The task: Each word in the data below should be copied exactly; the images should not.

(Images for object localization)
====
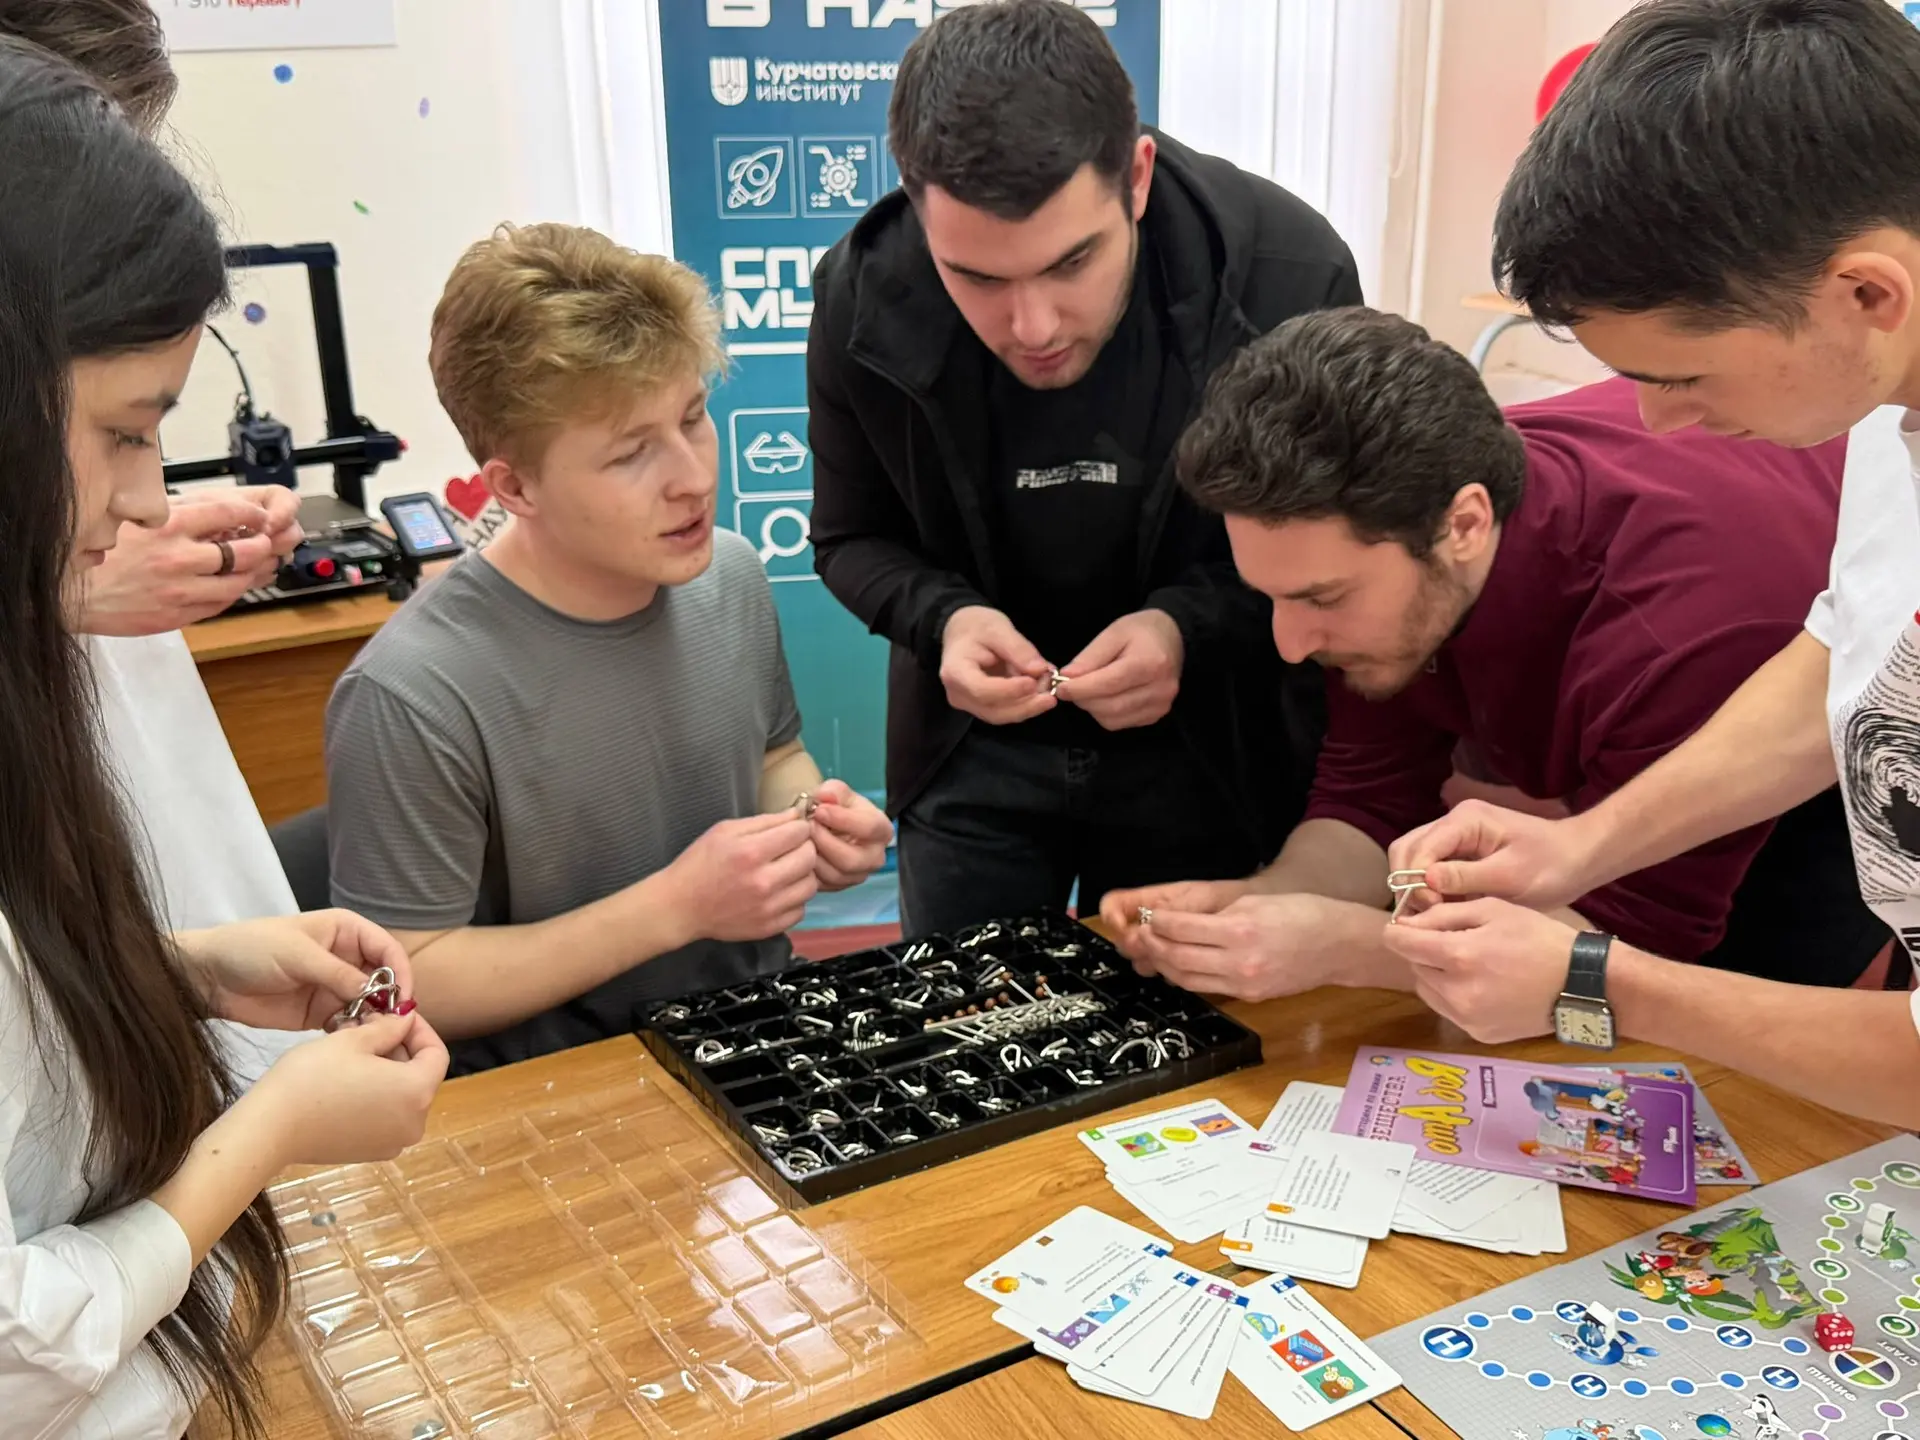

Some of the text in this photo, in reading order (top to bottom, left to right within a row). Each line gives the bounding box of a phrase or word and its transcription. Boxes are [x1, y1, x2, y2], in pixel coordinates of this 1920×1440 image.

[755, 83, 862, 106] институт
[721, 246, 830, 288] СП
[1876, 1340, 1918, 1366] СТАРТ
[1806, 1366, 1857, 1401] ФИНИШ
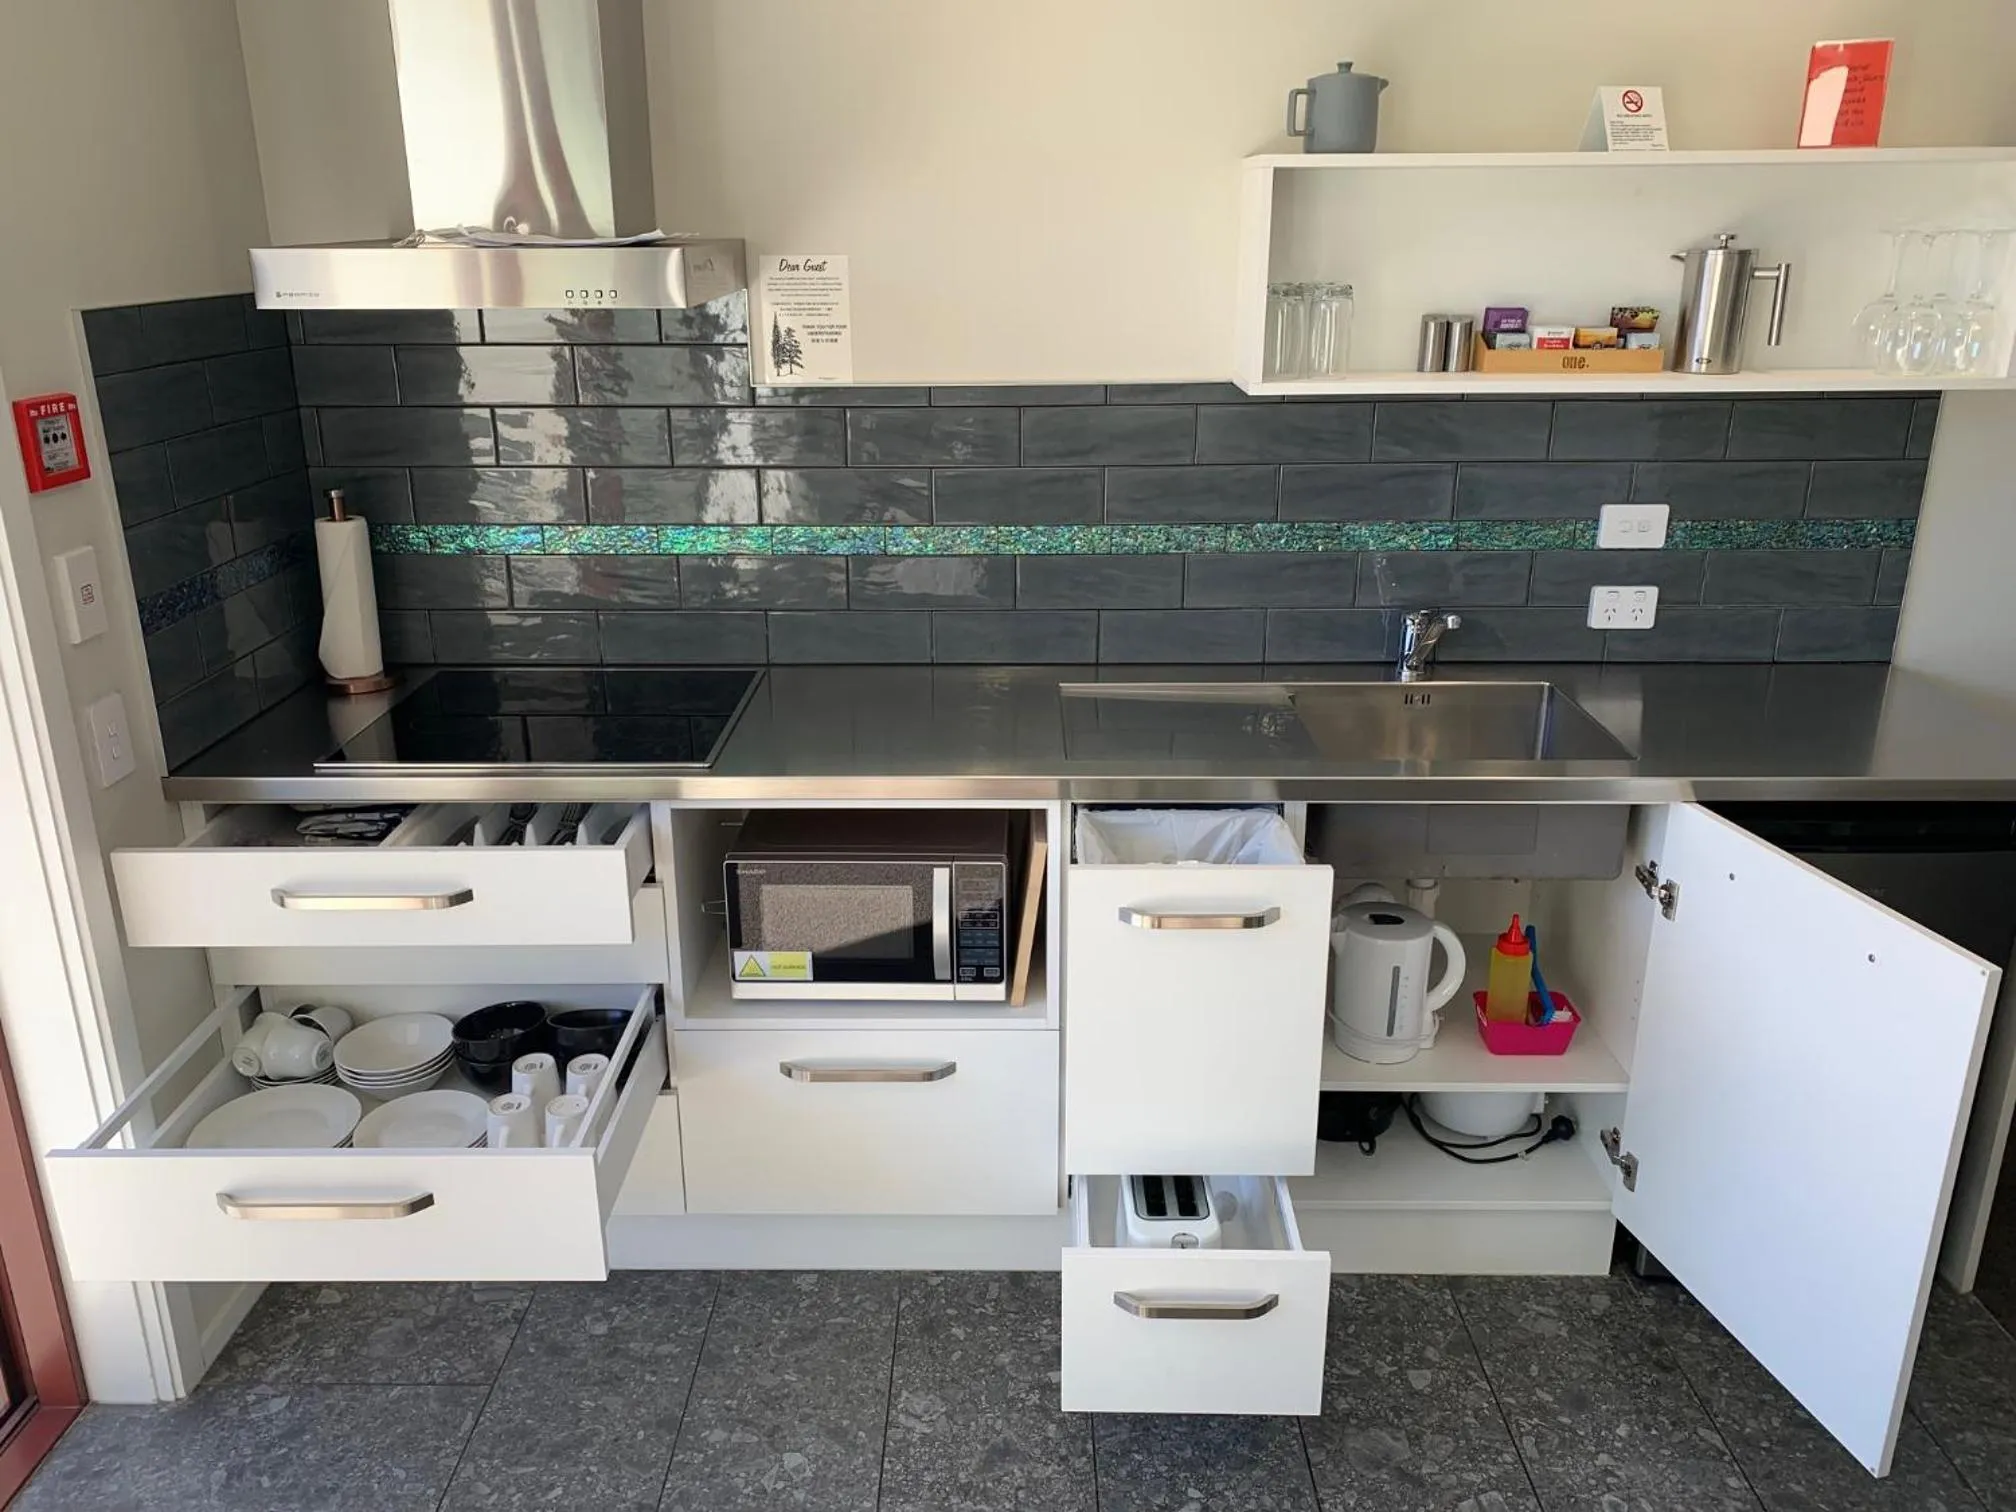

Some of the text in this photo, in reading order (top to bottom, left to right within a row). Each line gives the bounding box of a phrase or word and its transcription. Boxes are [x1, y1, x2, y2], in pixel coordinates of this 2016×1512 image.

[779, 258, 829, 272] Dear Guest
[1562, 356, 1589, 369] one.
[40, 402, 65, 416] FIRE
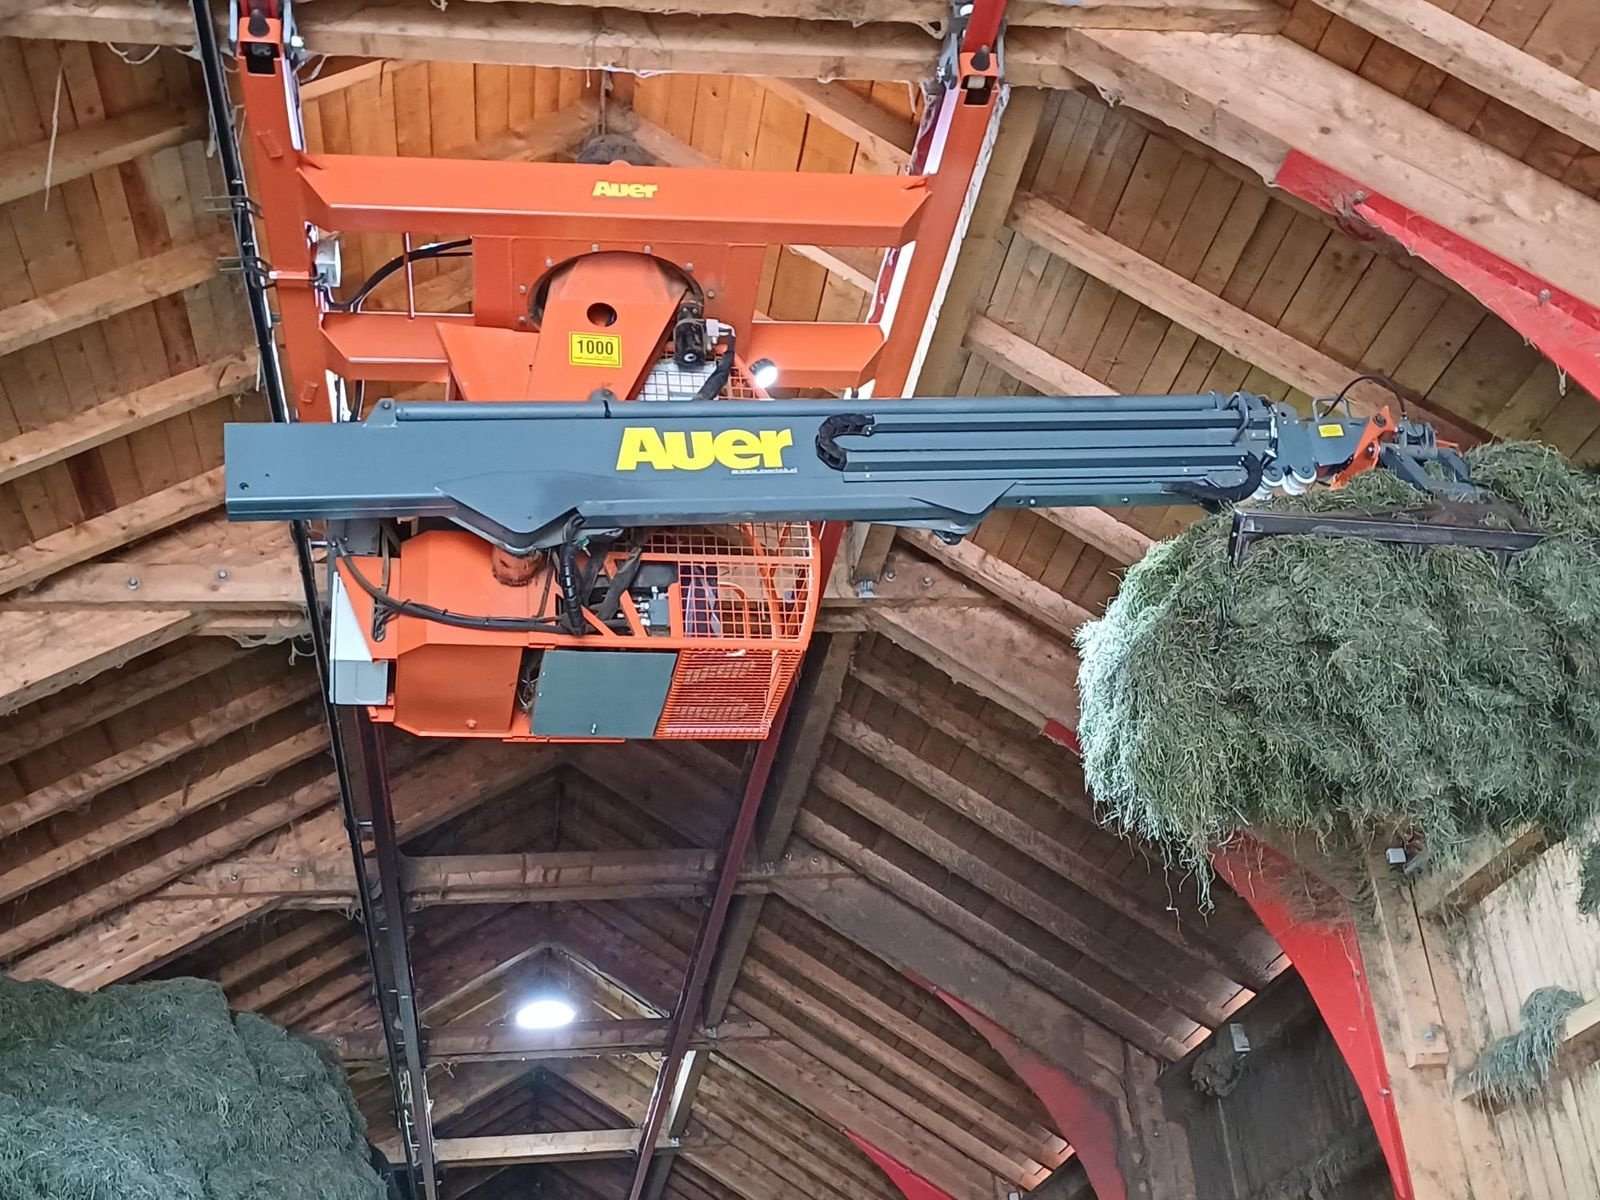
====
Output for this exercise:
Some of the text in this photo, in reading order (top to bottom, left to right within a row). Each line gives the bounding box of a phrase or word and its transcription. Boxes are [x1, y1, x2, y2], in pixel coordinates of this 1920×1440 image.

[755, 83, 862, 106] институт
[721, 246, 830, 288] СП
[1876, 1340, 1918, 1366] СТАРТ
[1806, 1366, 1857, 1401] ФИНИШ

Some of the text in this photo, in reading order (top to bottom, left to right within a row). Each line gives the bounding box of a phrase or word and its transcription. Boxes are [x1, y1, x2, y2], in pixel coordinates of this 2016×1512 image.

[779, 258, 829, 272] Dear Guest
[1562, 356, 1589, 369] one.
[40, 402, 65, 416] FIRE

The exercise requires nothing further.